A large part of the surge has come since Resurgens Communications Group Inc. of Atlanta said it agreed to purchase a controlling stake in Com Systems. Resurgens’ chairman said the two companies would probably merge eventually. But Com Systems’ 1990 performance was disappointing as it lost $1.5 million in the nine months that ended Sept. 30.

Last year was a tough one for investors in Huntway Partners L.P., a Valencia-based producer of liquid asphalt and other products refined from crude oil, who saw its stock price fall 78% to $2.50 per share as of Dec. 31. In November, Huntway had recorded a $3.58-million loss in the quarter that ended Sept. 30, thanks to a tripling in crude oil prices. Later the company said it was in technical default of some loan agreements, with the “acquiescence” of its bank.

But as the Gulf War got under way, oil prices fell back, and during the first quarter, Huntway’s share price jumped 105% to $5.13.

Shares of Nu-Med, a financially troubled Encino operator of hospitals and other health care facilities, about doubled in price from $2.06 to $4.13 during the first three months of 1991. They had plummeted 64% in 1990. Nu-Med actually announced in early March that it lost $3.5 million in its fiscal third quarter that ended Jan. 31--the same amount that it had lost a year earlier--while its revenues dropped 14% to $61 million for the period.
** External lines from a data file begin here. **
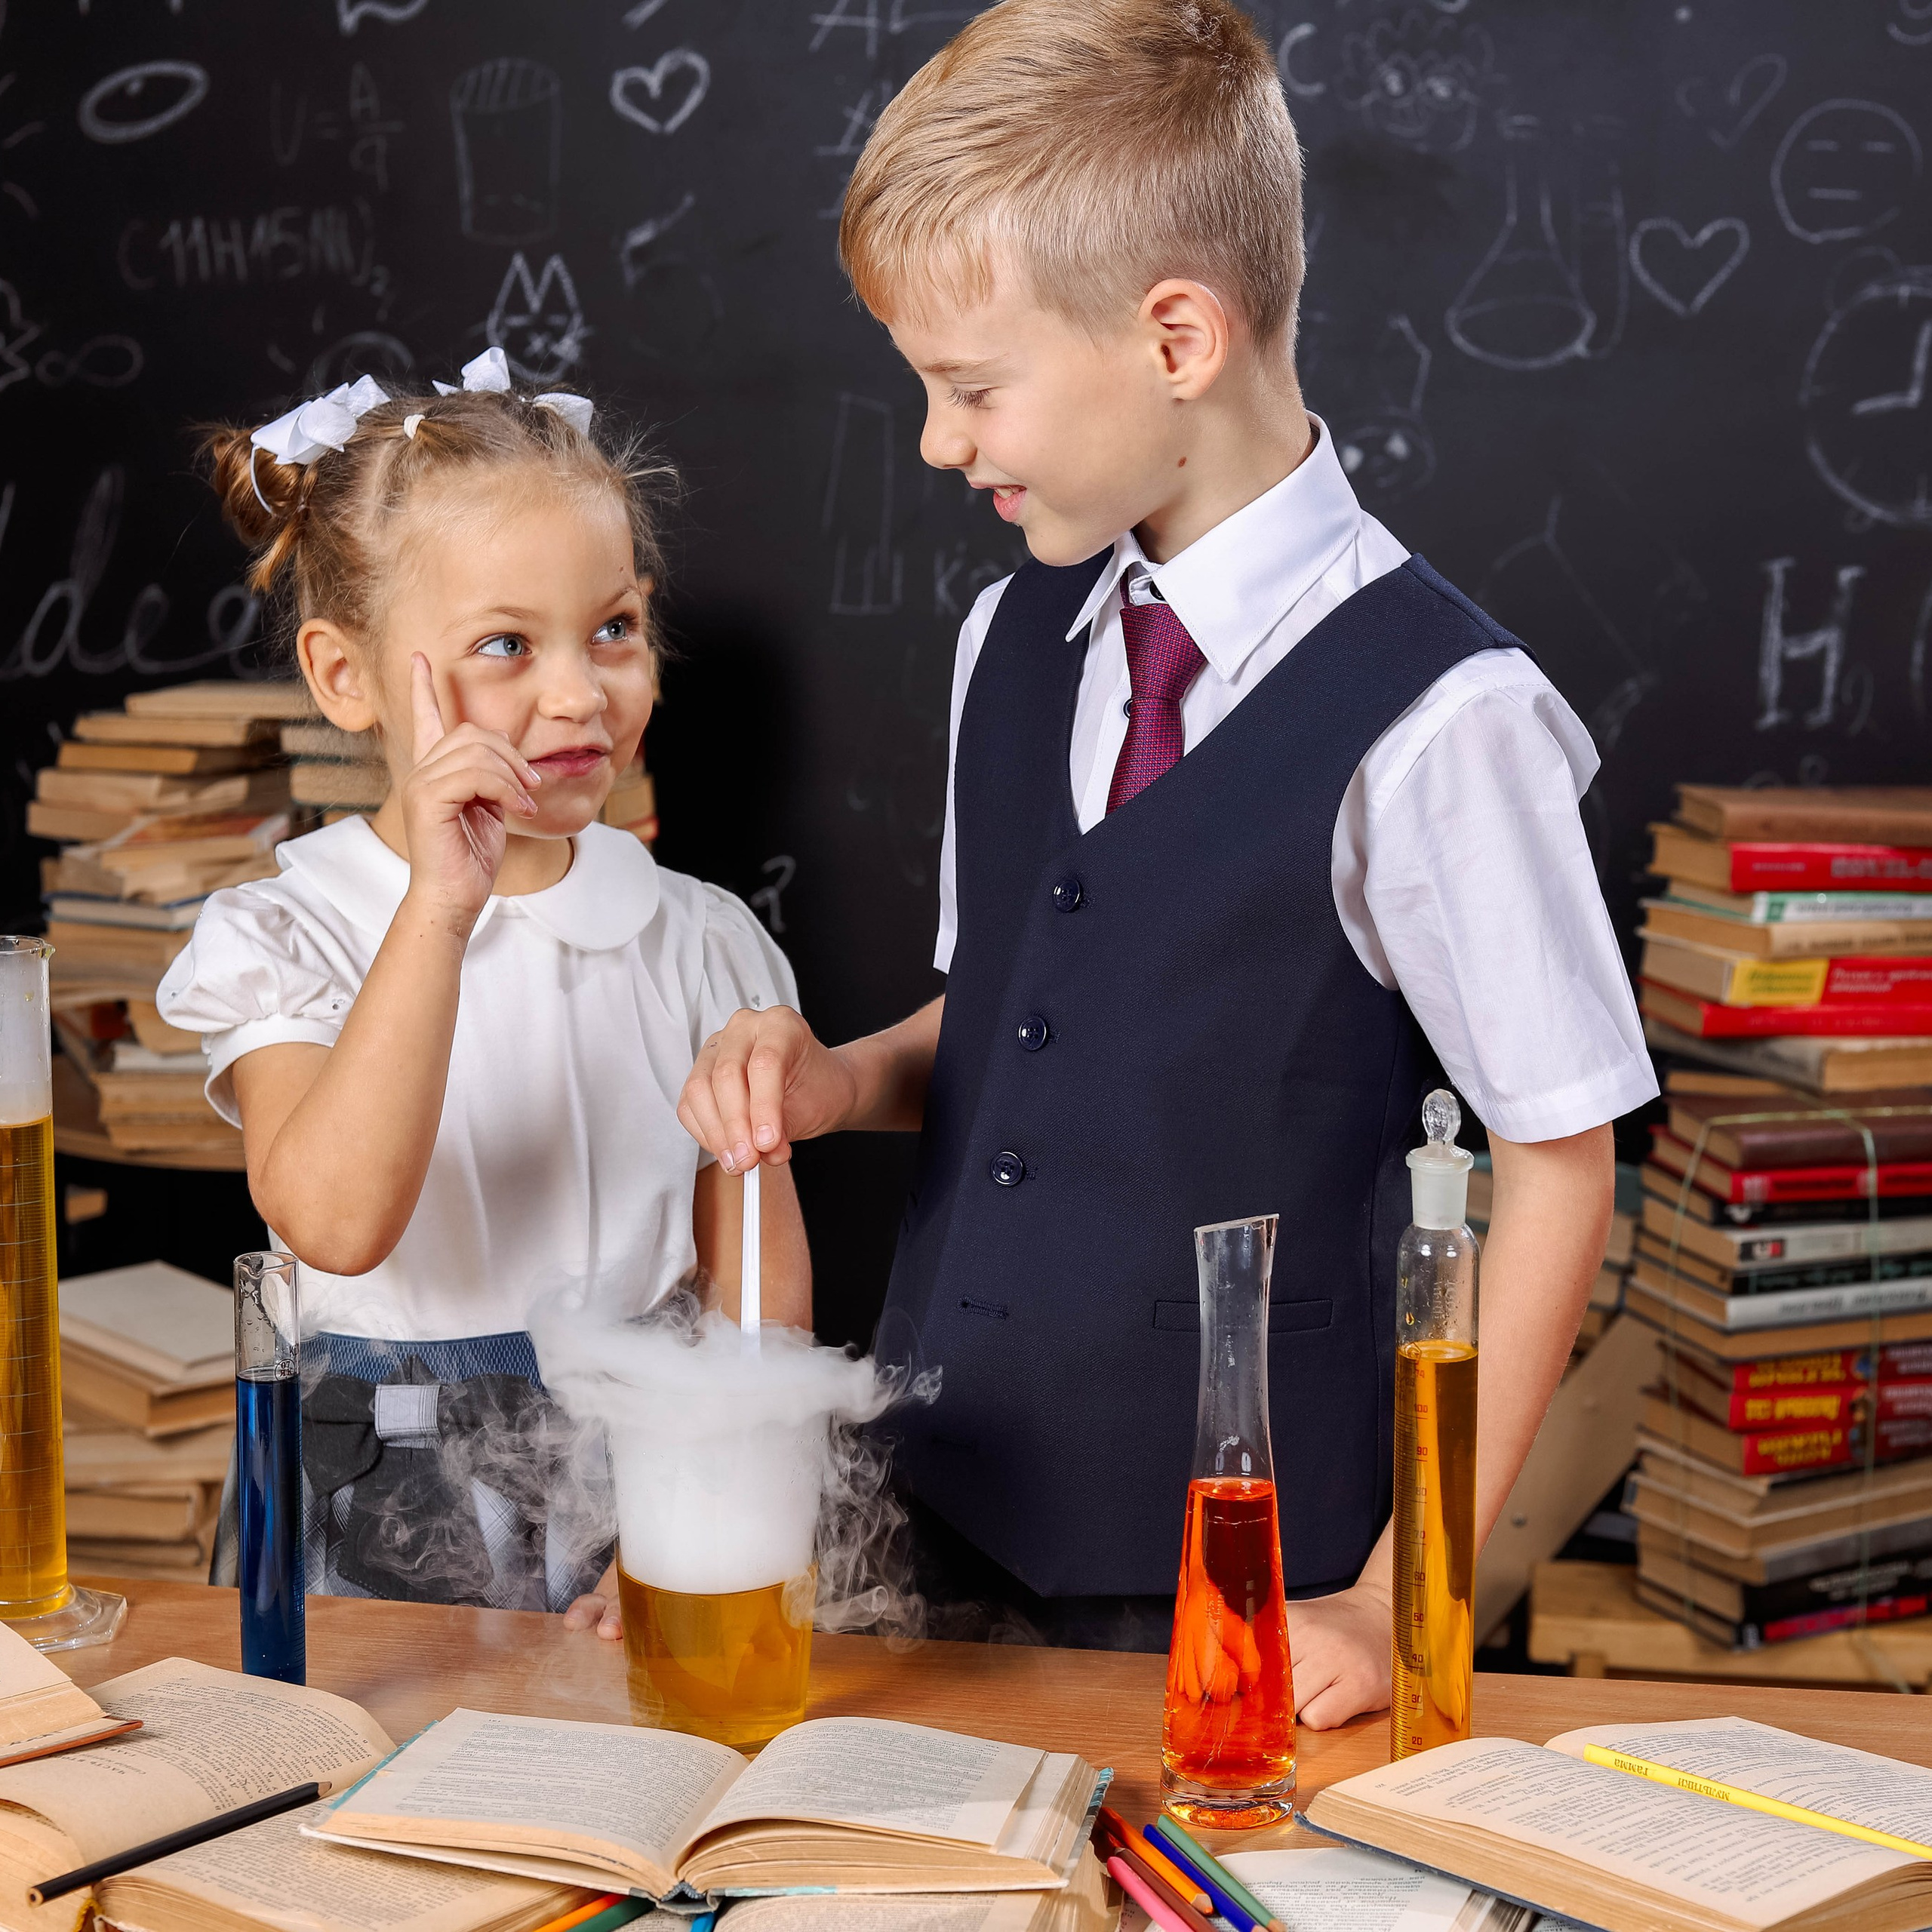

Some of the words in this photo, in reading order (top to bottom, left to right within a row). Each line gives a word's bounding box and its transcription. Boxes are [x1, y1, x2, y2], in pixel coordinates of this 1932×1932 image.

[1416, 1446, 1428, 1457] 90
[1414, 1530, 1426, 1540] 70
[1413, 1612, 1425, 1623] 50
[1411, 1654, 1424, 1663] 40
[1411, 1694, 1423, 1704] 30
[1411, 1736, 1423, 1746] 20
[1613, 1758, 1649, 1777] гамма
[1677, 1777, 1730, 1802] МУЛЬТИКИ
But Nu-Med announced in January that it agreed to sell two of its hospitals in an attempt to lower its crippling debts and raise cash. (After the end of the first quarter Nu-Med closed the deal.) Separately, the company announced in January that three representatives of a group of company shareholders who wanted a greater role in the company were elected to Nu-Med’s board. When the group announced last September that it was seeking the seats, the news had sparked a small rally in Nu-Med stock.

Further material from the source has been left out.